Generate ethyne gas with calcium carbide and test its properties in this microscale class practical

In this experiment, students produce ethyne or acetylene gas inside a plastic Petri dish by reacting calcium carbide and water. The gas is tested using a solution of potassium manganate(VII) in propanone, which turns from purple to brown. When the reaction has finished, students test the residue of the calcium carbide with a drop of full-range indicator solution.

The practical should take approximately 20 minutes.

Find accompanying demonstrations

A version of this experiment at a larger scale, for demonstration purposes only, is available here. Also see the demonstration Incendiary silver for an impressive, linked, organometallic explosive.

Equipment

Apparatus

  • Eye protection
  • Clear plastic sheet (eg ohp sheet)
  • Plastic pipettes
  • Plastic Petri dish, 5.5 cm diameter (eg Philip Harris ref: Y 36340)
  • Beaker, 10 cm3
  • Scissors
  • Tweezers

Chemicals

Note

Solutions and liquids should be contained in plastic pipettes. See the accompanying guidance on apparatus and techniques for microscale chemistry, which includes instructions for preparing a variety of solutions.

  • Propanone
  • Water
  • Calcium carbide, small lumps
  • Potassium manganate(VII) crystals

Health, safety and technical notes

  • Read our standard health and safety guidance.
  • Wear eye protection throughout (splash-resistant goggles to BS EN166 3) and work in a well-ventilated area.
  • Propanone is highly FLAMMABLE. See CLEAPSS Hazcard HC085A.
  • Calcium carbide, CaC2(s), can produce flammable gasses when in contact with water, which may ignite spontaneously.
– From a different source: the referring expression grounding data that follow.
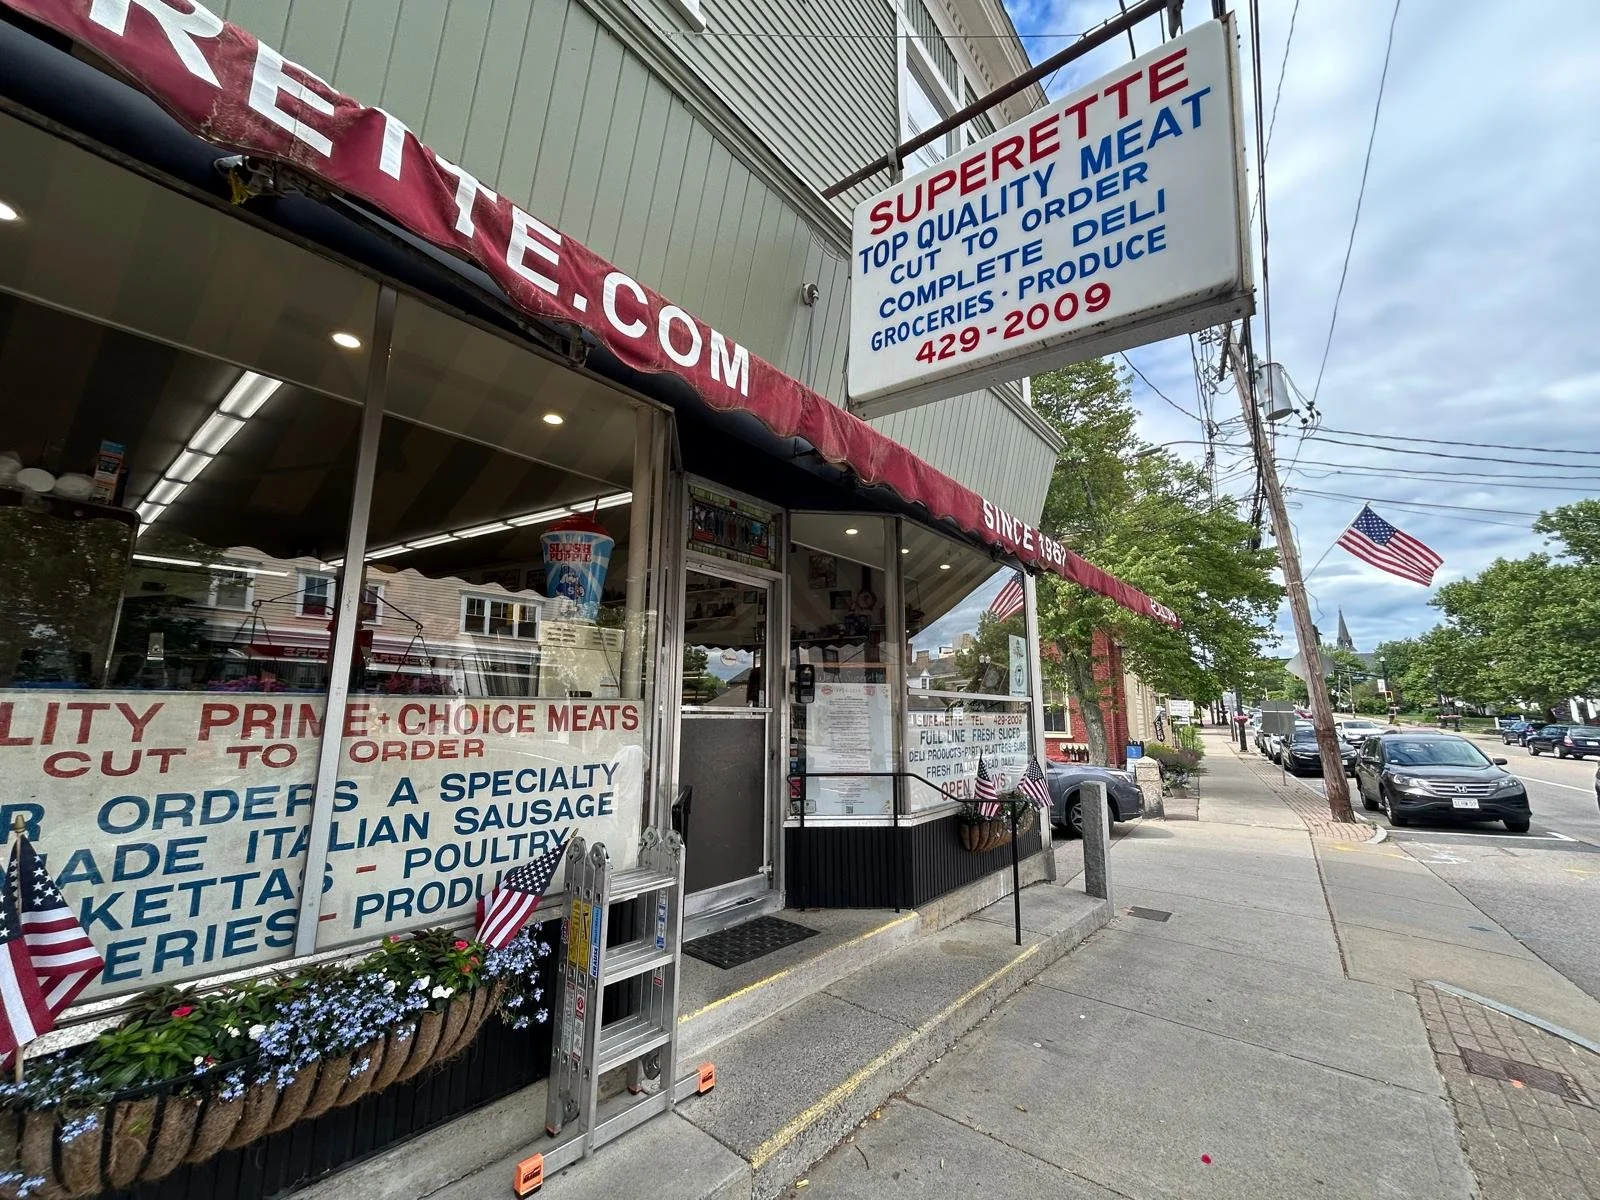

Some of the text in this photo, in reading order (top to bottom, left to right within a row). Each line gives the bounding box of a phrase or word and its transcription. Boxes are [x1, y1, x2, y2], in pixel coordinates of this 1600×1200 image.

[869, 47, 1189, 236] SUPERETTE
[858, 86, 1211, 275] TOP QUALITY MEAT
[878, 187, 1166, 319] COMPLETE DELI
[889, 161, 1148, 285] CUT TO ORDER
[870, 288, 995, 352] GROCERIES
[1018, 224, 1168, 301] PRODUCE
[915, 281, 1112, 365] 429-2009
[549, 543, 592, 554] SLUSH
[982, 499, 1067, 568] SINCE 1967
[0, 702, 164, 746] LITY
[198, 703, 370, 741] PRIME
[399, 703, 535, 736] CHOICE
[547, 703, 640, 732] MEATS
[908, 750, 926, 762] DELI
[920, 727, 1021, 745] FULL LINE FRESH SLICED
[43, 739, 485, 779] CUT TO ORDER
[926, 765, 951, 778] FRESH
[941, 778, 970, 801] OPEN
[97, 780, 359, 835] ORDERS
[388, 776, 419, 806] A
[440, 762, 620, 801] SPECIALTY
[38, 836, 208, 892] ADE
[454, 791, 615, 835] SAUSAGE
[403, 826, 570, 879] POULTRY
[353, 865, 525, 930] PRODU
Wear splash-proof goggles and ensure sufficient ventilation. See CLEAPSS Hazcard HC019C.
  • Potassium manganate(VII) is an OXIDISER, harmful if swallowed and toxic to aquatic life. Avoid direct contact and store in the dark, stains glass, plastic, clothing and skin. See CLEAPSS Hazcard HC081.

Procedure

  1. Cover the worksheet with a clear plastic sheet.
  2. Place the base of the Petri dish over the large circle on the diagram (see below).
  3. Cut off the ends of two plastic pipettes (as shown below) and place them inside the Petri dish.

A diagram illustrating a plastic Petri dish containing the ends of two pipettes from above and with a side-on view

Source: Royal Society of Chemistry

How to set up the apparatus required for generating and testing ethyne gas on a microscale

  1. Cut off the bulb of a plastic pipette as shown below and place it in a beaker.
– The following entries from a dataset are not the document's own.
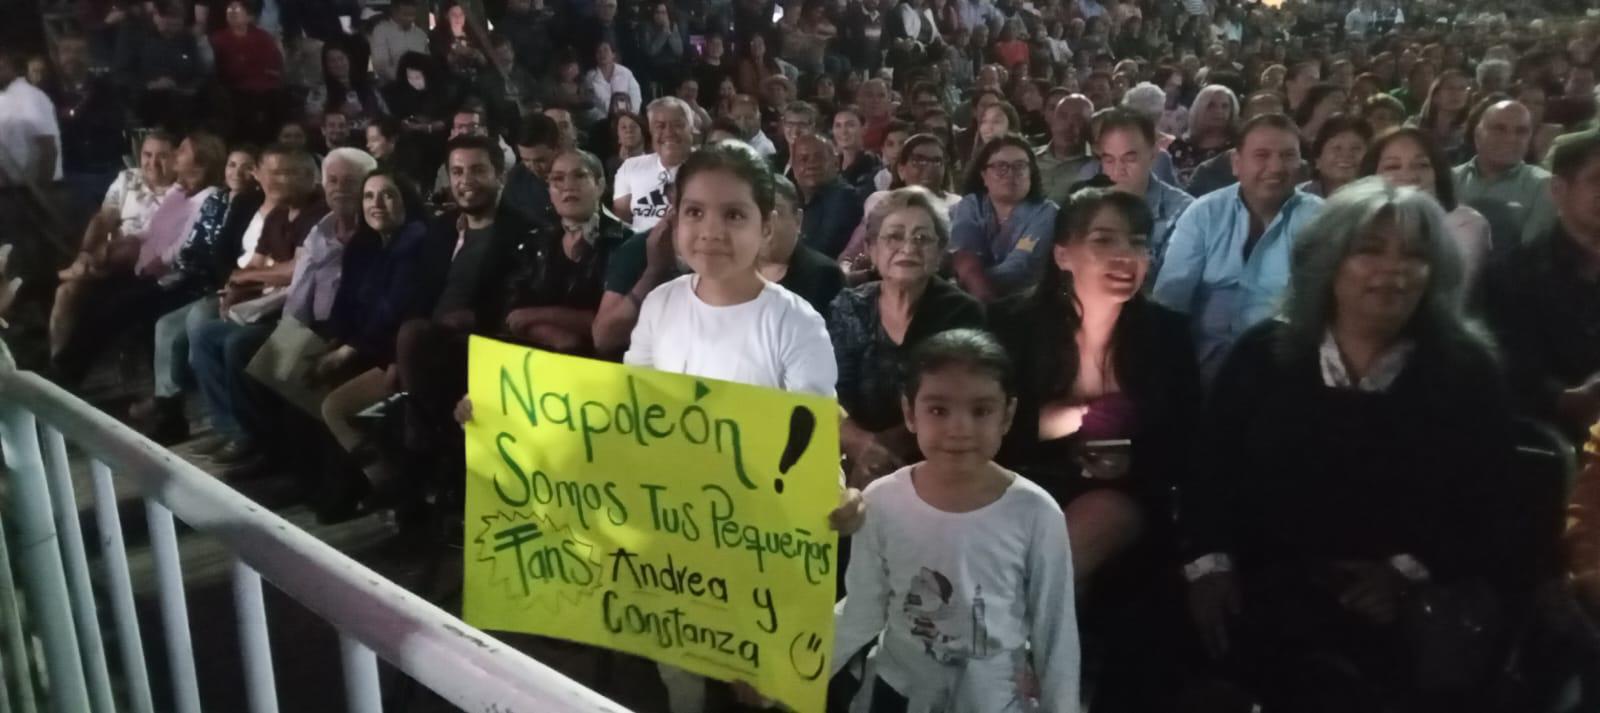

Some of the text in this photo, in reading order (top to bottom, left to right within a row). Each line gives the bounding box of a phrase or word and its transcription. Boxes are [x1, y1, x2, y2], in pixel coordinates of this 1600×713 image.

[633, 204, 671, 218] adid
[499, 351, 757, 490] Napoleón
[493, 432, 832, 585] Somos Tus Pequeños
[602, 590, 760, 668] Constanza
[609, 548, 728, 603] Andrea
[752, 586, 778, 633] y
A diagram illustrating a plastic pipette with a mark to cut where the bulb reaches the stem

Source: Royal Society of Chemistry

Cut the pipette at a point close to where the bulb reaches the stem

  1. Carefully add a few crystals of potassium manganate(VII) to the pipette.
  2. Add propanone to the pipette until it is about half-full.
  3. Using a pipette, add four drops of the potassium manganate(VII) in propanone solution to one of the pipette ends in the Petri dish.
  4. Using tweezers carefully place one small lump of calcium carbide into the other pipette end.
  5. Carefully add four drops of deionised water to the calcium carbide and quickly place the lid on the Petri dish.
  6. Observe any changes over the next few minutes.
  7. When no more gas is formed add one drop of full-range indicator solution to the residue of the calcium carbide and observe.

Teaching notes and expected observations

Calcium carbide reacts vigorously with water. The ethyne gas produced turns potassium manganate(VII) from purple to brown indicating ethyne is unsaturated. The residue turns full-range indicator solution purple owing to the presence of the alkaline calcium hydroxide.

This experiment illustrates an interesting link between inorganic and organic chemistry. However, calcium carbide is an expensive material. It is prepared by heating a mixture of calcium oxide and coke to around 2000 °C in an electric furnace.

Students could also be told about Wohler’s experiment in 1828 on heating ammonium cyanate and obtaining urea thus demolishing the vital force theory (that organic compounds could only be obtained from living things).